The history of Kampong Chhnang

Kampong Chhnang airfield, with its 2,400-metre-long runways of poured concrete, is one of six worksites investigated by the UN-backed tribunal. The indictment reveals that three of the defendants were present at a 1975 meeting where the airfield’s construction was approved. The same three are said by witnesses to have visited the airfield on a number of occasions to inspect progress.

International prosecutor Andrew Cayley says the Khmer Rouge sent so-called "bad elements" from its own military to undergo punishment labor at Kampong Chhnang airfield. By 1977 an estimated 10,000 people were toiling at the 300-hectare site. Many were injured or killed during the construction process. Others died of exhaustion or starvation.
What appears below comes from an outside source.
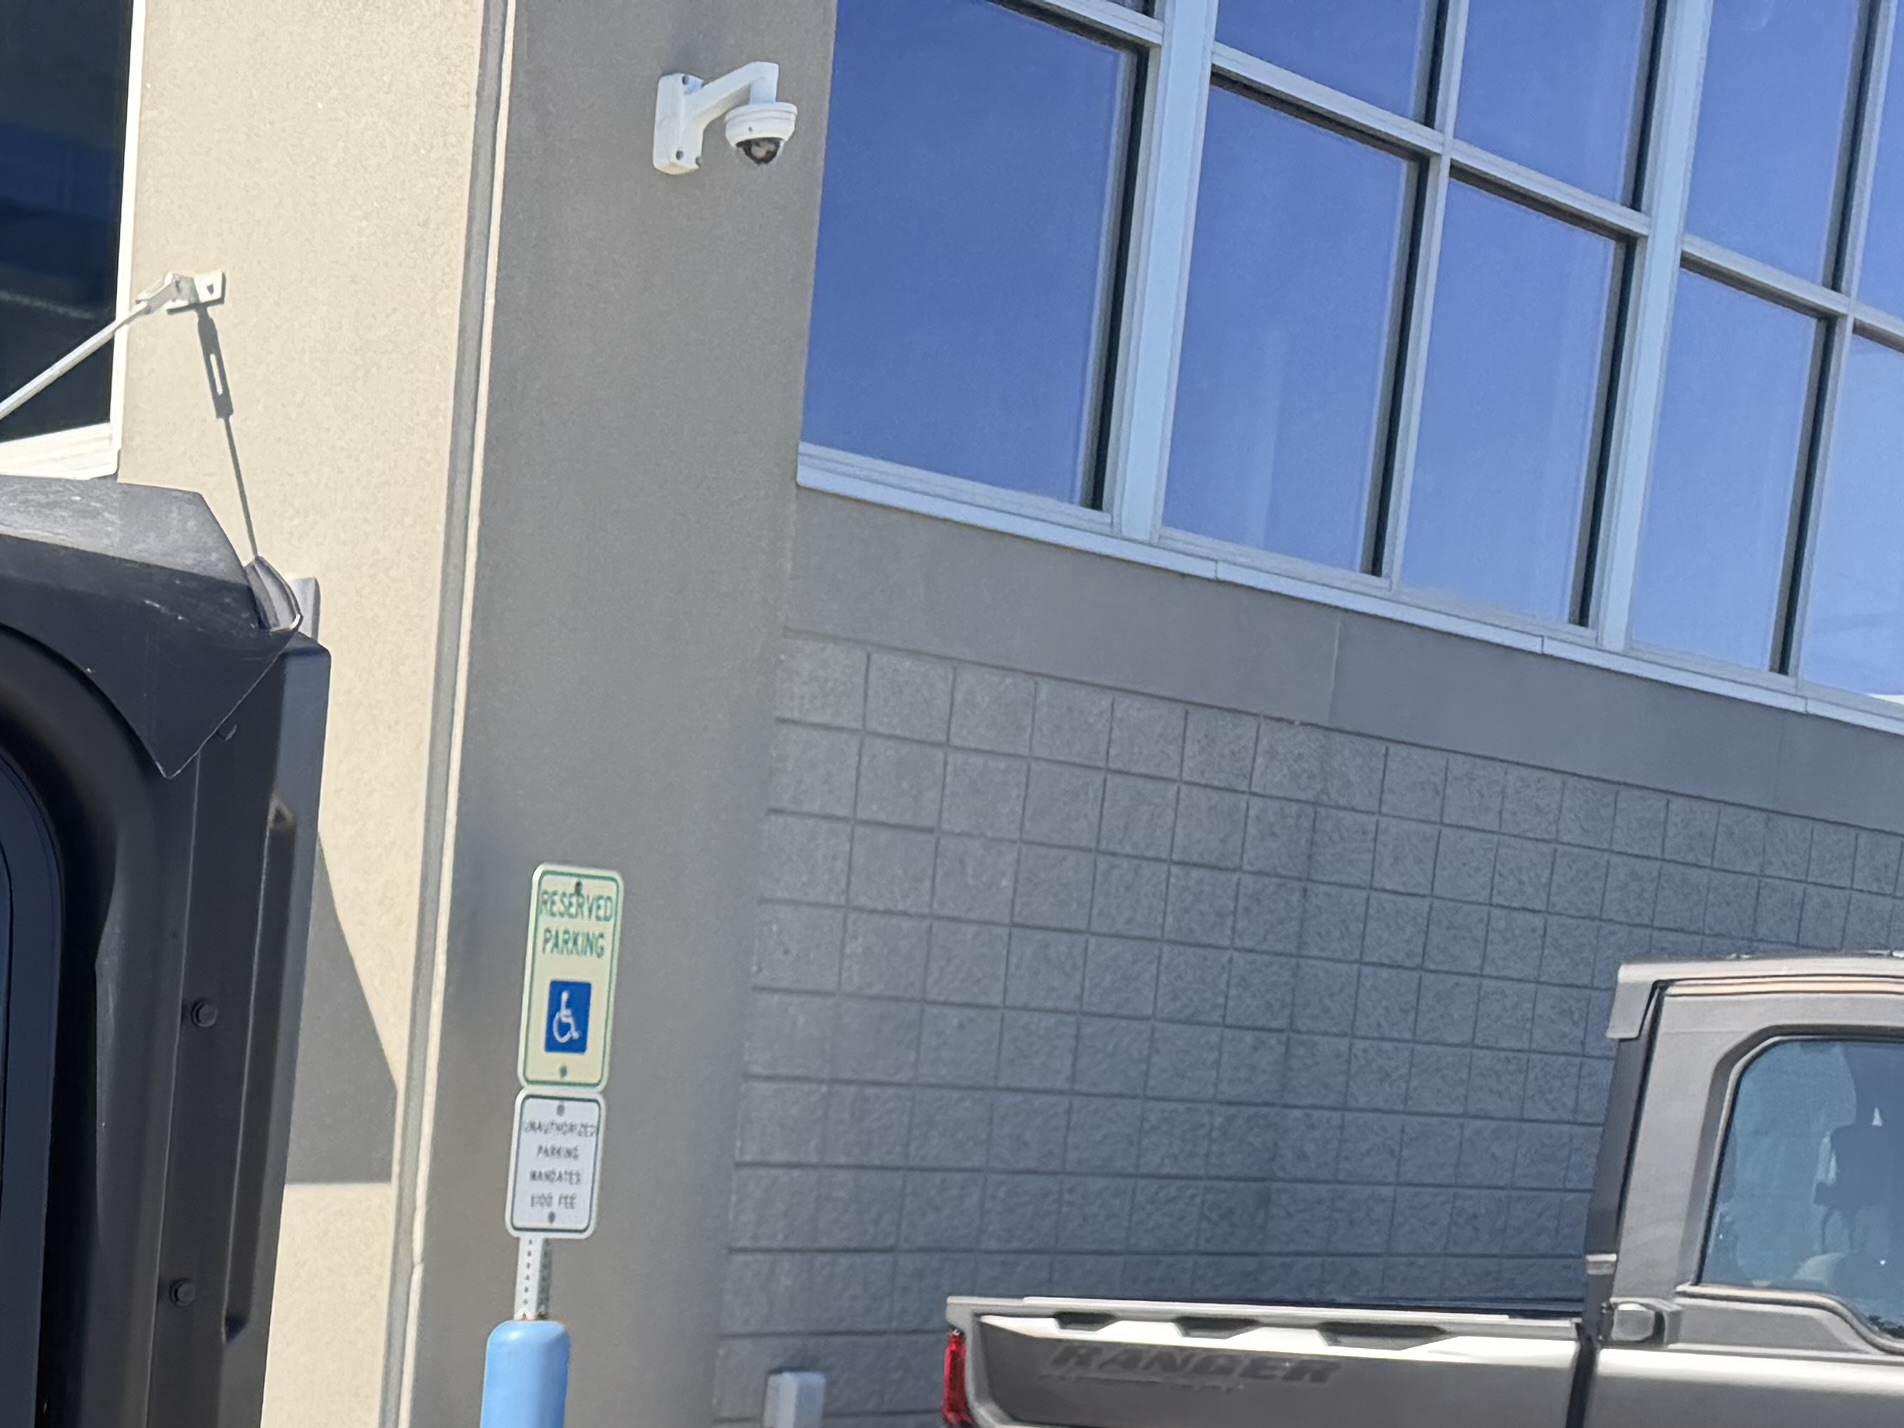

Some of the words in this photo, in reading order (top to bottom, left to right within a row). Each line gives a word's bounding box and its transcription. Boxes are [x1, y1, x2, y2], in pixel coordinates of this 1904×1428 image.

China's support for the Khmer Rouge

Youk Chhang is the director of the Documentation Center of Cambodia, or DC-Cam, an organization based in Phnom Penh that has researched the crimes of the Khmer Rouge era. He says the airfield reveals the extent of China’s unyielding support for the Khmer Rouge. Based on documents, Youk Chhang says China was “everywhere - from the adviser level to training operations guards at S-21 to arresting suspects or ‘enemies of the revolution.’” He points out that the airport was one of the sites where the Chinese wanted to help build in order to provide military assistance to the Khmer Rouge.

Kaing Guek Eav (Duch) ran a top secret detention center for the worst "enemies" of the state
Kaing Guek Eav (Duch) ran a top secret detention center for the worst "enemies" of the stateImage: AP

Last year the court completed its first case when it sentenced former Security Chief Kaing Guek Eav, known as Duch, to 30 years for war crimes and crimes against humanity. As head of the Tuol Sleng Prison, Duch was an implementer of policy, but the elderly defendants in Case Two are accused of devising the policies that took such a terrible toll. Between 1.7 million and 2.2 million people are thought to have died in less than four years of Khmer Rouge rule.

DC-Cam’s Youk Chhang says Case Two represents a chance for ordinary people to hear their former leaders explain what happened in those dark years. This abandoned airfield in central Cambodia will play its part in revealing some of those truths.